ASP CATANZARO: MANCUSO, PUNTUALI NEI PAGAMENTI, LE DIFFICOLTA’ DI FEDERFARMA NON SONO DOVUTE ALL’AZIENDA
(ASP)
– Catanzaro, 11 dicembre 2012 - Il direttore generale dell’Asp di
Catanzaro, Dott. Gerardo Mancuso, interviene ancora una volta per
replicare alle dichiarazioni del Presidente di Federfarma Catanzaro,
pubblicate sui quotidiani di oggi, e afferma:
“L’azienda ha
parlato di trasparenza e di ottimi principi, come sostiene il presidente
di Federsanità dall’inizio del mandato ed ha applicato gli ottimi
principi e la trasparenza proprio per impedire che i raccomandati
avessero un privilegio rispetto a chi non lo era, cioè in questa azienda
vi erano privati a cui venivano corrisposte mensilità con ritardi
minimi e privati a cui venivano corrisposte mensilità con ritardi anche
di due anni. Abbiamo cercato di portare tutti i privati ad un livello di
attesa che è quello minimo possibile. Da quando abbiamo saldato tutti i
debiti con la Federfarma e si ricorderà il dott. De Filippo che abbiamo
anche fatto delle apparizioni mediatiche in cui ognuno sosteneva la
propria posizione, abbiamo concordato l'obiettivo accettabile, il saldo
del debito pregresso e il ritardo di tre mesi dei pagamenti. Abbiamo
osservato questo accordo e le cose sono andate bene, senza dimostranze.
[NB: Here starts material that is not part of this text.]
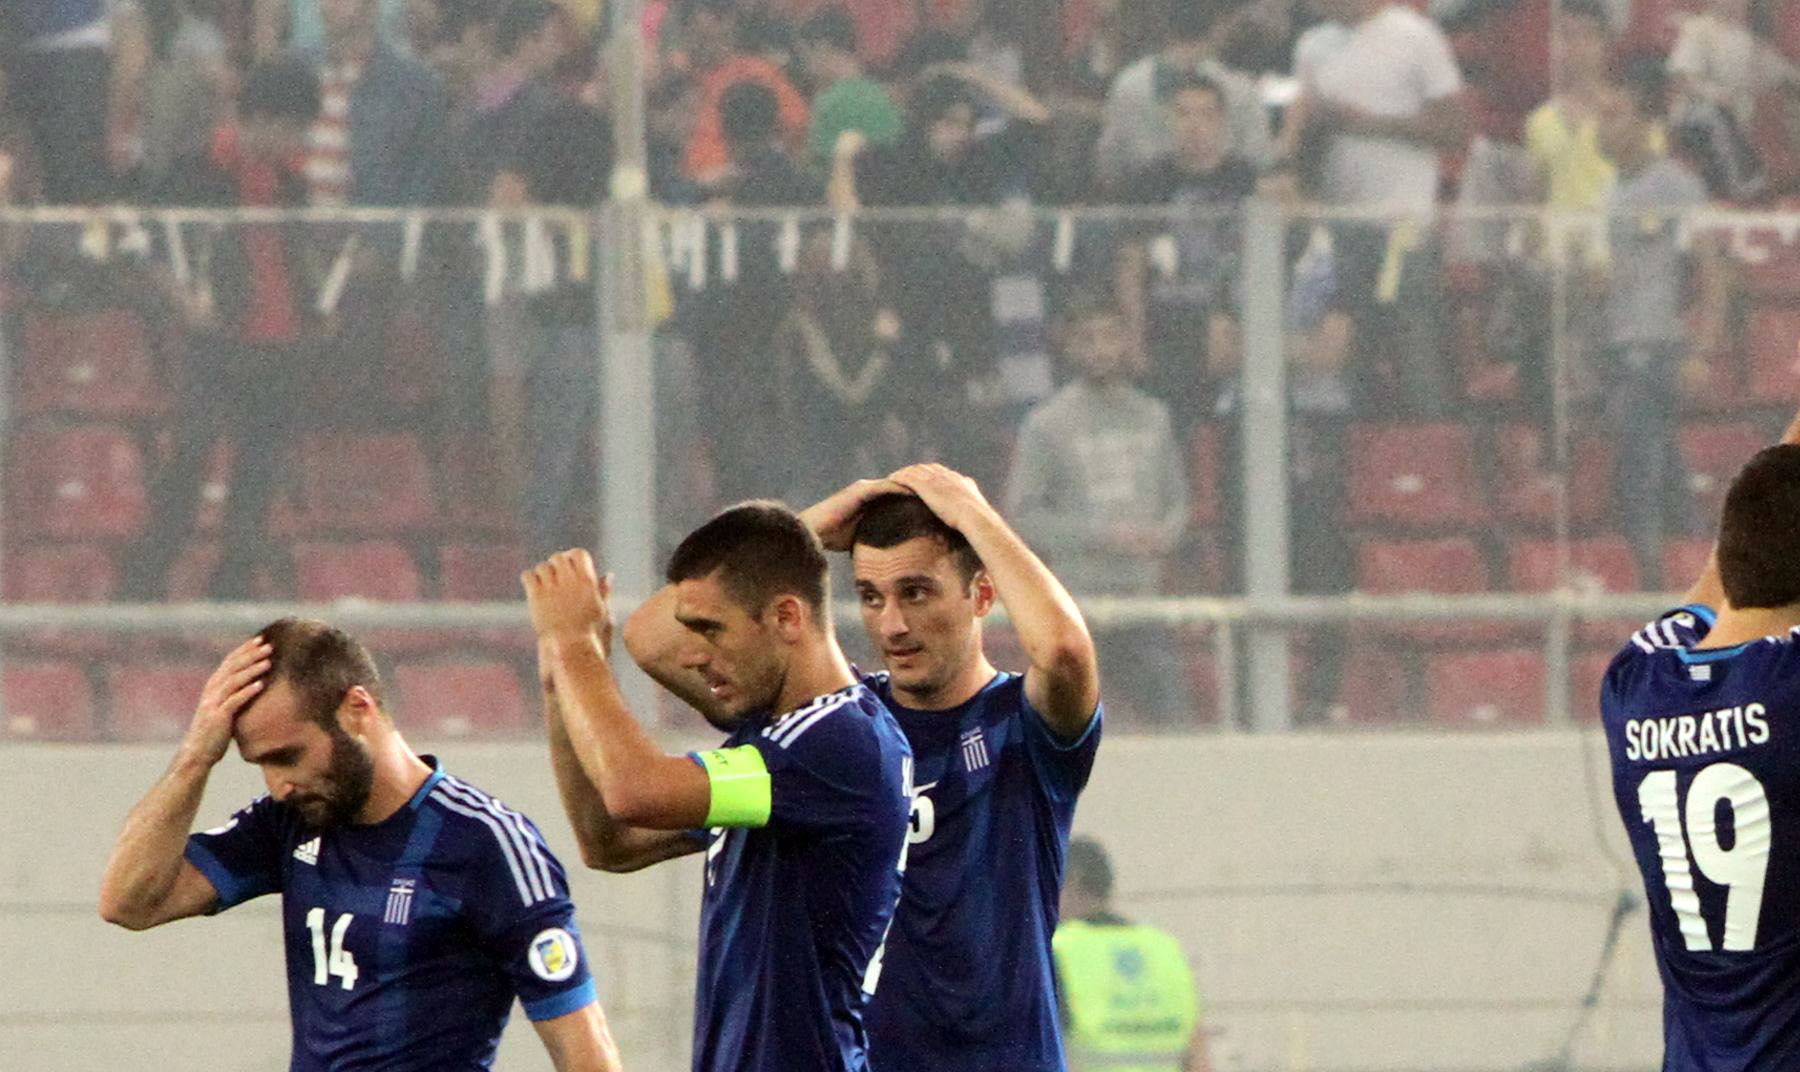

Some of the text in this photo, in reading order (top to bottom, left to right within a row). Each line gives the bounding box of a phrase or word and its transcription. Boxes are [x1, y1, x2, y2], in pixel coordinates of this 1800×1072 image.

Dal mese di gennaio 2012 ad oggi nulla è cambiato, l’Azienda ha pagato
con tre mesi di ritardo più il mese tecnico ad eccezione di novembre
2012, quando l’Azienda ha pagato con 15 giorni di ritardo la mensilità
dovuta, a causa di un problema legato alla cassa. Perché Federfarma non
ha protestato prima, perché non ha protestato nel mese di aprile oppure
settembre. Ora dobbiamo capire qual è il punto, se gli accordi non
valgono più e dobbiamo pagare con soli due mesi di ritardo come dicono
loro, oppure se esistono altri motivi che ovviamente ci sfuggono. Non
vorremmo realizzare nuovamente quello che abbiamo trovato, cioè figli e
figliastri. Se Federfarm non è contenta ha legittimità a dirlo, ma con
onestà deve anche dire che dal mese di gennaio nulla e' cambiato. Siamo
l'azienda che paga con soli 90 giorni di ritardo più' il mese tecnico,
le altre aziende pagano a tre, quattro o cinque mesi ma non hanno pagato
parte del 2011, non hanno pagato il pregresso. Il Dott De Filippo se
non è soddisfatto, dovrebbe tentare una azione regionale non dovrebbe
fare una crociata solo contro Catanzaro. Io credo che la tattica di
ottenere ogni anno una cosa non può essere praticata se non cambiano i
finanziamenti. Sostenere che quello che si è fatto in questi dieci mesi
non è valido, ci può stare ma bisogna dirlo. Noi adesso pagheremo luglio
e quindi saremo come sempre a tre mesi più il mese tecnico. Se non è
cambiato nulla in 10 mesi, perché Federfarma ha deciso oggi di alzare la
voce? Perché si trova in difficoltà? E’ anche possibile che si trovi in
difficoltà, ma non a causa dell’Azienda che si è comportata in maniera
corretta, ha applicato gli accordi, cosi come era stato chiesto dai
farmacisti nel mese di dicembre dello scorso anno. Ribadiamo quanto fino
ad ora abbiamo versato nelle case dei farmacisti: in particolare il 25
maggio 2012 sono stati erogati 5.130.000 di euro; il 5 luglio 2012 sono
stati pagati 4.792.000 di euro; il 3 agosto 2012 sono stati elargiti
5.361.000 di euro; il 4 settembre 2012 sono stati pagati 4.593.000 di
euro; il 22 ottobre 2012 sono stati pagati 5.122.000 euro. La fattura
del 22 novembre 2012, che ammonta a 4.436.000 di euro, è stata pagata il
7 dicembre 2012. A fine mese è previsto l’ultimo pagamento del 2012. Se
c’è uno che ha detto la verità è l’ASP di Catanzaro.”